When history reflects on the 2008 Presidential Election, Black Americans will be exposed as voters dominated by Groupthink, and feelings of reverse racism that made them support Barack Obama over John McCain in ratios of up to 94 to 1. It’s not that Obama shouldn’t be winning a majority of the Black Vote (indeed he should), but the sheep-like support of Senator Obama demonstrates the accepted reality that MANY Blacks (not all) are giving their vote to an individual based on his race and race alone. Maybe as victims of hundreds of years of racism and bigotry this is the payback Black Americans deserve, but John McCain deserves better for the simple fact that the Senator from Arizona has fought for the freedoms which Blacks and all Americans enjoy today. For those of you skeptical of my premise explore the numbers.
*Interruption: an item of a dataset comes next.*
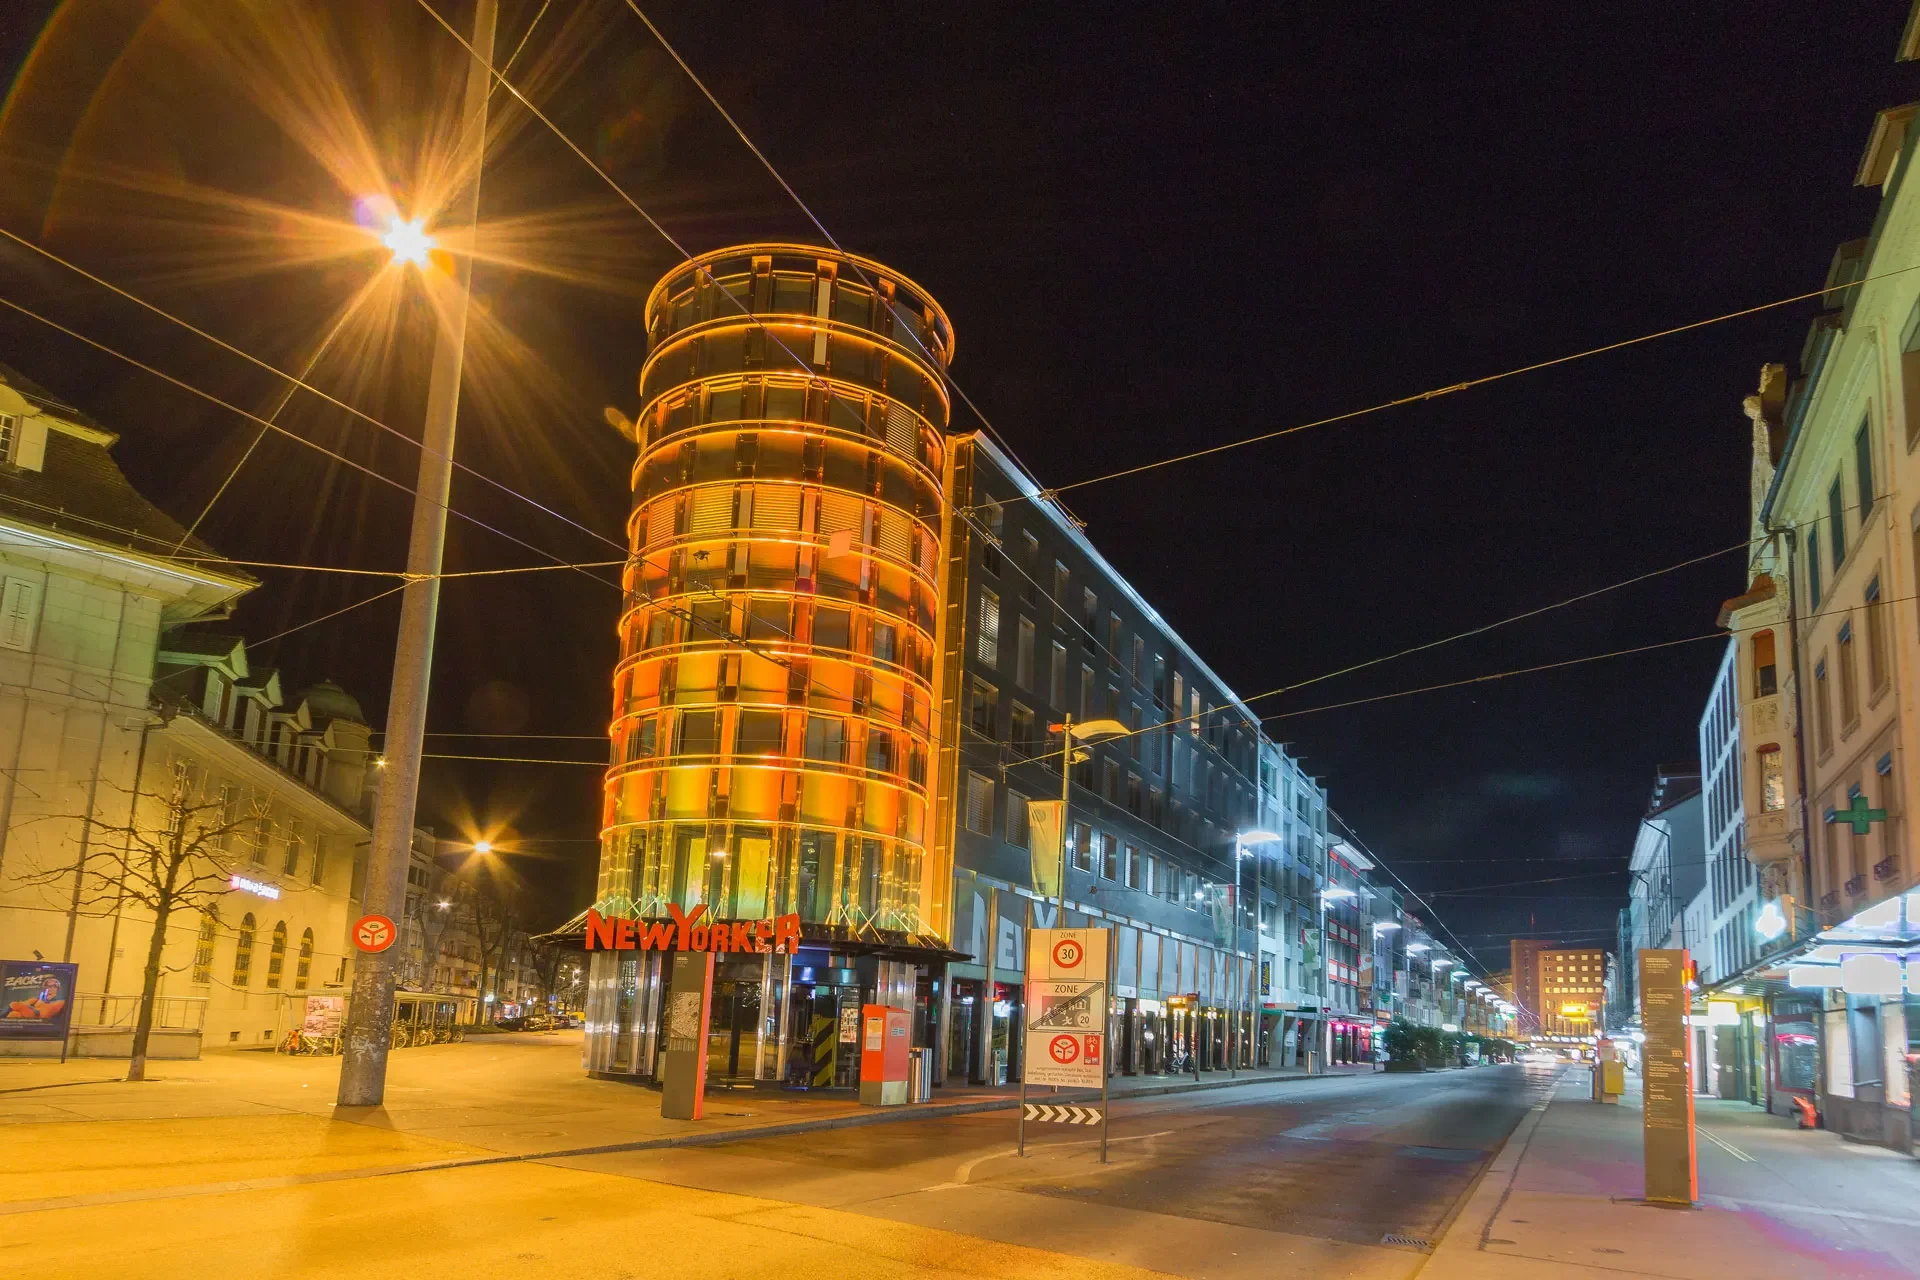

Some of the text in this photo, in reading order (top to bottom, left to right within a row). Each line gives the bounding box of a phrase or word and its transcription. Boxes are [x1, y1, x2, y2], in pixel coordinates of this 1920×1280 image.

Black Voter Support in 2008 General Election (10/2/2008)
Obama 94% – McCain 4% – Undecided 6%
Black Voter Support in 2008 Democratic Primary
Obama 89.3% – Clinton 6% – Other 3.7%
Black Voter Support in 2004 General Election
Bush 13% – Kerry 86% – Nader 0%
This election shows Obama getting the largest percentage of the Black American Vote since Lyndon Baines Johnson received 95% of Black votes during his 1964 campaign against Arizona Republican Barry Goldwater. So the volume of support in this election from Blacks (to Obama) isn’t unprecedented, but the reality is Goldwater is no John McCain. McCain has fought against bans on interracial dating, supported Affirmative Action for specific programs (although he opposes quotas), and has passed legislation abolishing pay discrimination against minorities. John McCain also gets it right on issues pollsters say Obama and Blacks are at odds over. Sen. McCain is against Gay Marriage, is pro-life, and supports programs that address infant mortality in Black neighborhoods. Yet the numbers show George W. Bush received 300% the support amongst Black Voters in comparison to Sen. McCain–and to be sure George W. Bush’s record on Black Issues is far from stellar in comparison to Sen. McCain. In fairness, McCain has been criticized by Blacks for opposing MLK Day in 1983, limiting Affirmative Action in his home-state of Arizona, and his tax policy which leaves low income Blacks severely empty handed.
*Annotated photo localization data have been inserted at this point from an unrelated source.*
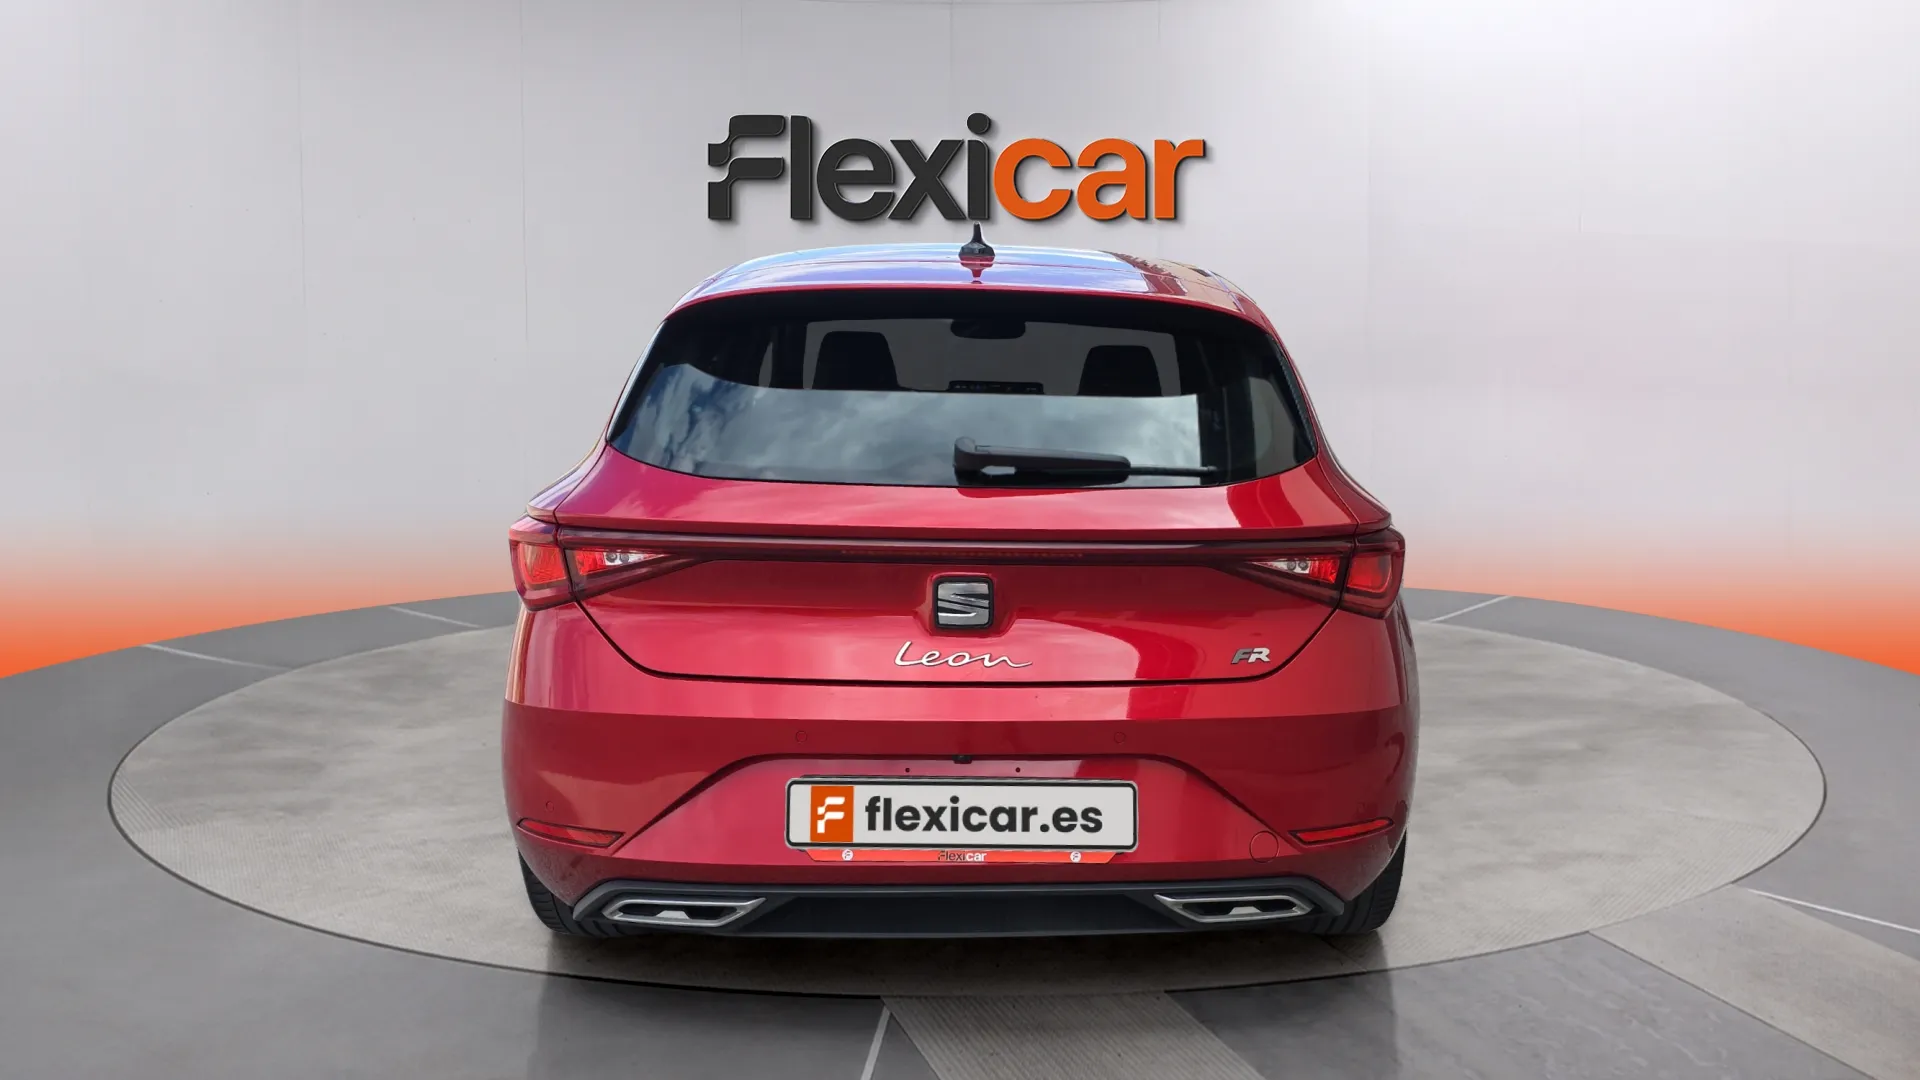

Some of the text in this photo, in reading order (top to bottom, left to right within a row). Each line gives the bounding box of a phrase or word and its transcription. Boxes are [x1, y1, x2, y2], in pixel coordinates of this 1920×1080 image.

[708, 112, 1205, 219] Flexicar
[894, 641, 1032, 667] Leon
[1231, 647, 1271, 664] FR
[865, 795, 1103, 833] flexicar.es
[938, 850, 987, 862] Flexicar
Barack Obama is a great candidate for Black Americans. For the first time in American History, Blacks have the opportunity to cast a vote for an individual who shares their ancestry and struggle of being Black in America. Blacks are partly energized because their support may lead to the White House regularly extending invitations to journalists from Essence, Ebony, and BET which serve their interests. Many civil rights activists have claimed an Obama election will be a realization of MLK’s Dream, and the beginning of the end to racial healing in America. All of this may be well and true, but it still does not justify or explain the almost total support for Sen. Obama by Black Americans. Other minority groups have had candidates of their race run for public office at the local, state, and federal levels and their support for the candidate with mutual ethnic ties has never bordered on Obamamania. Consider this, Governor of New Mexico Bill Richardson of Hispanic decent, did not receive a majority of Latino voters over Senators Obama and Clinton in the Democratic Primaries. Richardson was the first ever Latino running for President, and his candidacy represented extreme pride for Hispanics nationwide, but the Governor failed to capture Obama-like support amongst “his people”.
The 2008 Presidential Campaign will be remembered as a historic election no matter the outcome. We’ve seen a former first lady, a Black American, the first Hispanic American, and first Republican female Vice Presidential Candidate all vie for the support of the American people. The American electorate is more involved in this campaign than any Presidential campaign in recent memory, but the 2008 race will forever be marred by the memories of racial bias and favoritism Black Americans showed toward Senator Obama. An election that was supposed to signify racial healing will probably cause unprecedented amounts of racial backlash once the afterglow of Obamania has worn off and people explore exactly how this man was ushered in by a large percentage of racially motivated Black voters. Racism in American will never disappear until the victims and perpetrators alike disavow treating people based on the pigment of their skin. It’s extremely disheartening to see Black voters forgetting their own message.